Rain washed seven horses from the Chrysanthemum Handicap yesterday by drowning the grass at Laurel. As a result, Starfield splashed along a sloppy main track and came away clean with a four-length victory in the $100,000 race.

Laurel's final weekend of turf racing began with a mudfest, and track officials announced that today's $100,000 Turf Cup won't be a turf race at all after determining the grass course unsafe.

"I walked the turf course this morning at 7, and there was a good quarter of an inch of water just laying on it," said John Passero, the track superintendent. "Why ask them to plod through that stuff when it's up to their ankles? You're just asking for something to happen."

Laurel President Joe De Francis concurred, and said the track considered rescheduling both stakes races. "We thought long and hard about it," he said. "But you only reschedule a race under the direst of circumstances, and with six-horse fields today and {Sunday}, we thought it was proper to run them as scheduled."

At scratch time yesterday, 12 horses remained in the Turf Cup, but that is likely to diminish by post time.

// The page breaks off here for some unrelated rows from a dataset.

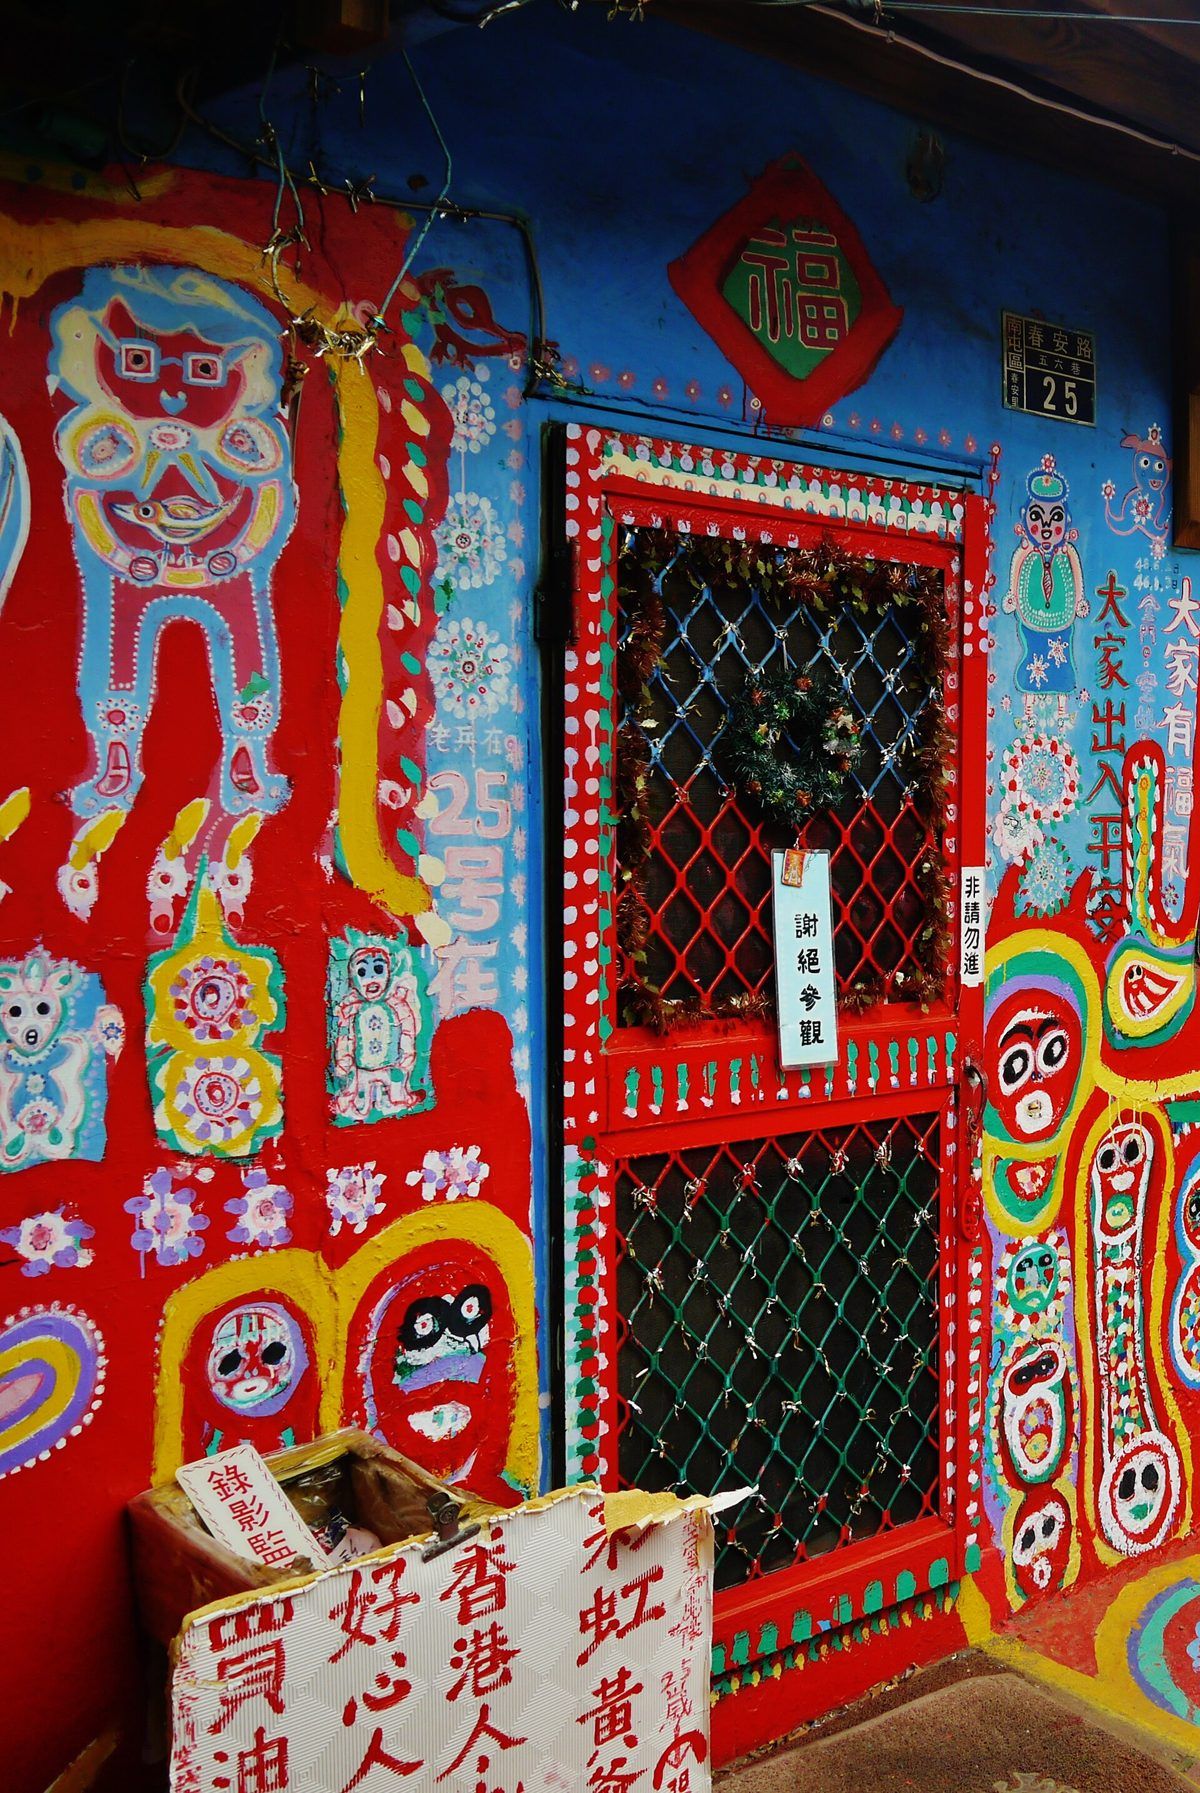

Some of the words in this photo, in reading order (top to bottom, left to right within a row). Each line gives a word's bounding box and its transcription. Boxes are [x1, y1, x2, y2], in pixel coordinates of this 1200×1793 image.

[741, 227, 848, 350] 福
[1008, 319, 1023, 370] 南屯區
[1011, 372, 1020, 407] 春安里
[1028, 325, 1092, 369] 春安路
[1039, 364, 1081, 385] 五六巷
[1043, 376, 1077, 415] 25
[963, 875, 981, 976] 非請勿進
[794, 913, 825, 1047] 謝絕參觀
[207, 1464, 298, 1568] 錄影監
[327, 1560, 425, 1793] 好心人
[432, 1526, 529, 1793] 香港人

Chas' Whim, who runs well on dirt or turf, is favored.

Trainer Dick Small was ambivalent about keeping Starfield in the Chrysanthemum on a soupy track yesterday, but announcements of other withdrawals helped sway him. Only six remained from an original field of 14 -- the powerhouse Miss Josh not among them -- and Small reasoned, "You can't win if you're not in there. Let's put her in and see what happens."

Starfield had been assigned 109 pounds -- lowest among the six starters -- but weights turned misleading with the switch to slop; Highland Penny, the 116-pound highweight, had won only one of 14 off the turf. Starfield actually carried 111 pounds, the lightest Andrea Seefeldt could tack.

Seefeldt had won neither a $100,000 or a Grade III race, but that changed in the 1 minute 52 1/5 seconds Starfield needed to get 1 1/8 miles. Although most of those entered had little dirt-track form to gauge, Seefeldt gleaned that few had speed, and that the track appeared speed-oriented. She happened to have a fast filly and the rail.

That was all she had to know. Starfield got inside position as three to her right were fanned into the first turn, including 9-10 favorite Lanzada. She took a clear lead into the backstretch without being pushed and set an easy pace, the half-mile going in 48 1/5.

Hear The Bells, who was closest to her throughout, tried Starfield deep into the far turn, but the leader shook free into the stretch. Highland Penny finished third, well behind second-place Hear The Bells.

Starfield's four-length victory meant $60,000 to Bob Meyerhoff, who bought the well-bred filly as a yearling for $40,000. A 3-year-old by Spectacular Bid, Starfield has made $141,235.

But Starfield's chance for a vacation might have been lost. Small, who had planned to give her the winter off, might reassess. "We found out she likes the mud," he said. "Maybe we'll race her this winter after all."